Endocrine Therapy Response and 21-Gene Expression Assay for Therapy Guidance in HR+/HER2- Early Breast Cancer.

PURPOSE: To our knowledge, WSG-ADAPT-HR+/HER2- (ClinicalTrials.gov identifier: NCT01779206; n = 5,625 registered) is the first trial combining the 21-gene expression assay (recurrence score [RS]) and response to 3-week preoperative endocrine therapy (ET) to guide systemic therapy in early breast cancer. MATERIALS AND METHODS: Baseline and postendocrine Ki67 (Ki67post) were evaluated centrally. In the endocrine trial, all patients received exclusively ET: patients with pathologic regional lymph node status (pN) 0-1 (ie, 0-3 involved lymph nodes) entered control arm if RS ≤ 11 and experimental arm if RS12-25 with ET response (Ki67post ≤ 10%). All other patients (including N0-1 RS12-25 without ET response) received dose-dense chemotherapy (CT) followed by ET in the CT trial. Primary end point of the endocrine trial was noninferiority of 5-year invasive disease-free survival (5y-iDFS) in experimental (v control) arm; secondary end points included distant DFS, overall survival, and translational research. RESULTS: Intention-to-treat population comprised 2,290 patients (n = 1,422 experimental v n = 868 control): 26.3% versus 34.6% premenopausal and 27.4% versus 24.0% pN1. One-sided 95% lower confidence limit of the 5y-iDFS difference was -3.3%, establishing prespecified noninferiority (P = .05). 5y-iDFS was 92.6% (95% CI, 90.8 to 94.0) in experimental versus 93.9% (95% CI, 91.8 to 95.4) in control arm; 5-year distant DFS was 95.6% versus 96.3%, and 5-year overall survival 97.3% versus 98.0%, respectively.

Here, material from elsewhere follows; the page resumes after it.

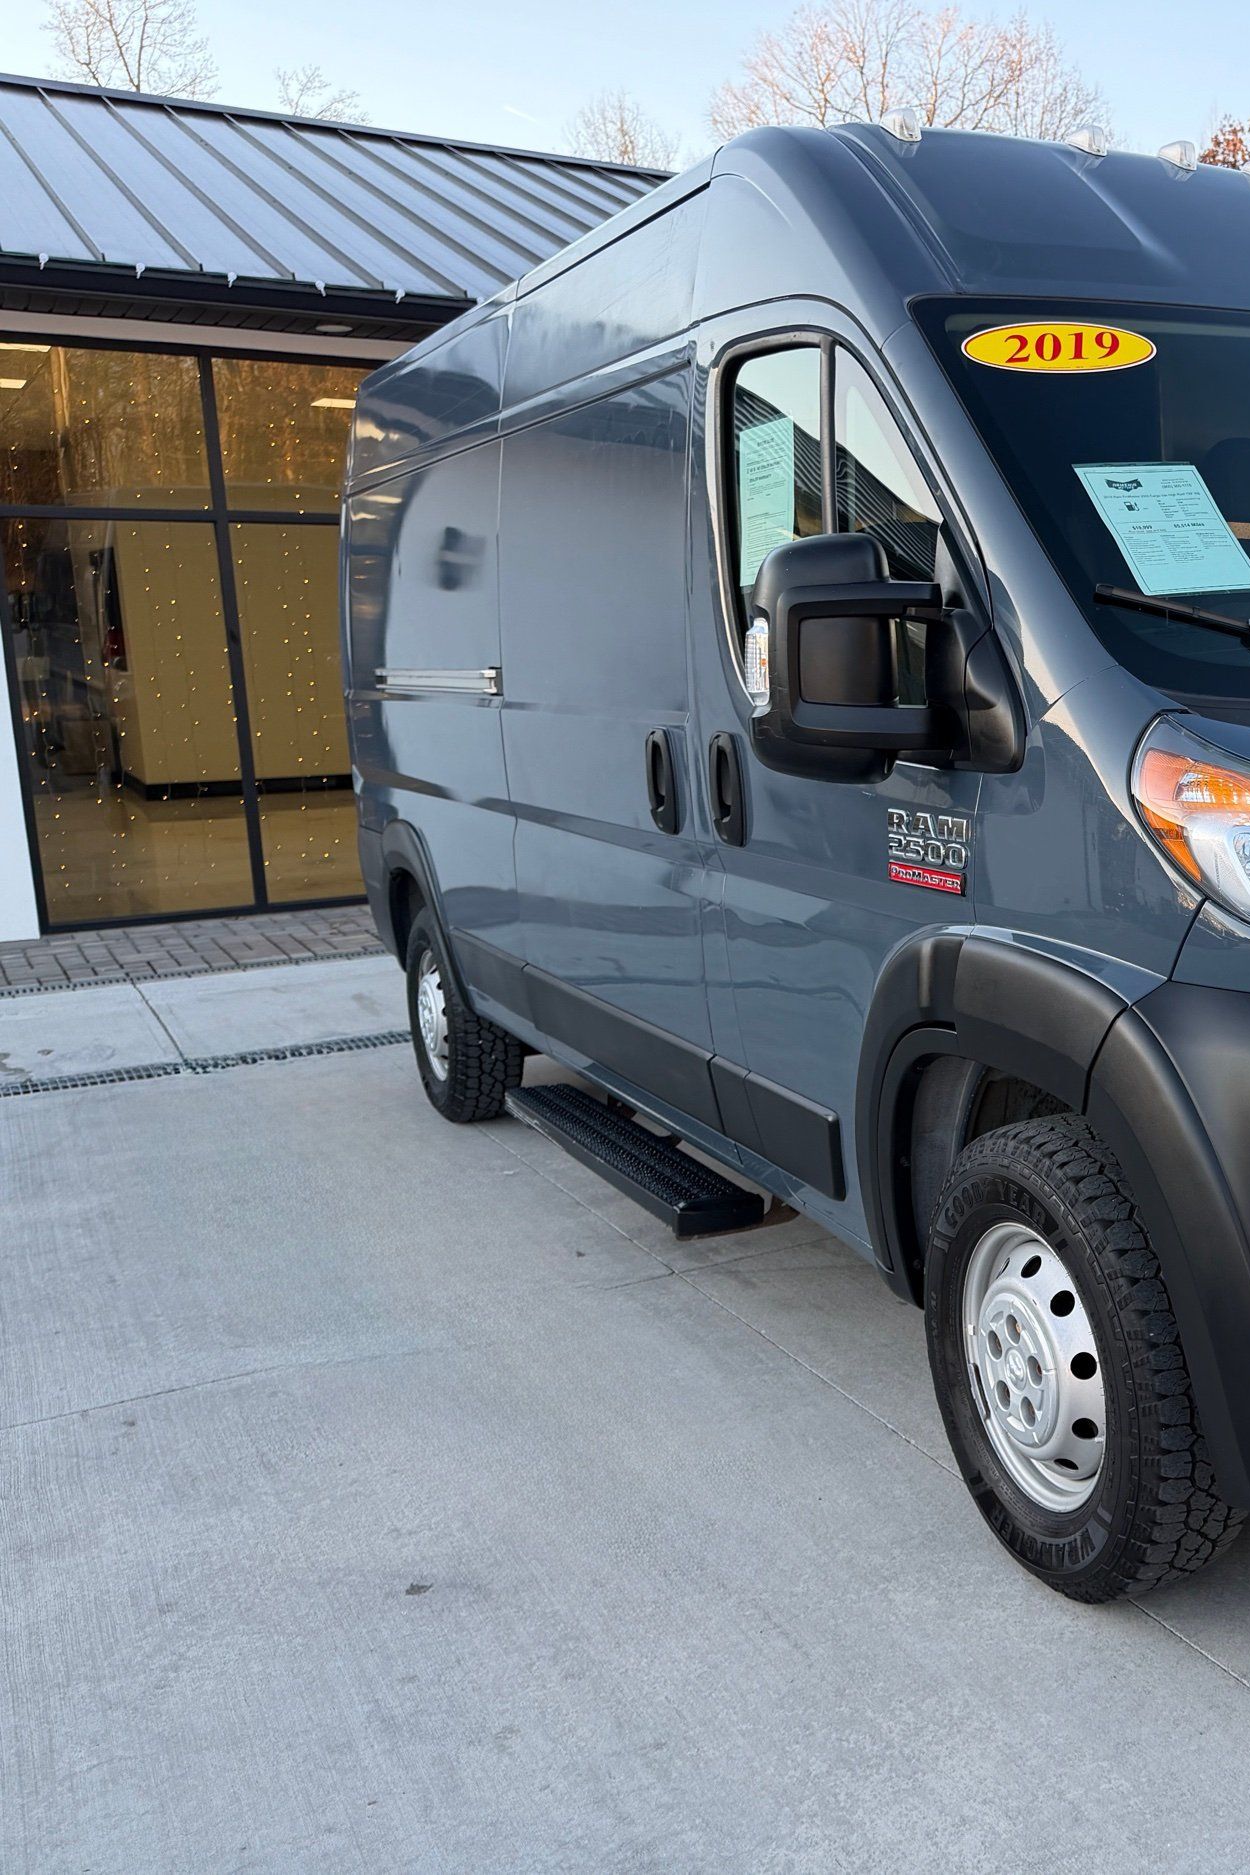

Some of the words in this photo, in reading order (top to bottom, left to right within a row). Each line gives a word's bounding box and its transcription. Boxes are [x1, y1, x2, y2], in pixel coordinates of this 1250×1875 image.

Differences were similar in age and nodal subgroups. In N0-1 RS12-25, outcome of ET responders (ET alone) was comparable with that of ET nonresponders (CT) for age > 50 years and superior for age ≤ 50 years. ET response was more likely with aromatase inhibitors (mostly postmenopausal) than with tamoxifen (mostly premenopausal): 78.1% versus 41.1% (P < .001). ET response was 78.8% in RS0-11, 62.2% in RS12-25, and 32.7% in RS > 25 (n = 4,203, P < .001). CONCLUSION: WSG-ADAPT-HR+/HER2- demonstrates that guiding systemic treatment by both RS and ET response is feasible in clinical routine and spares CT in pre- and postmenopausal patients with ≤ 3 involved lymph nodes.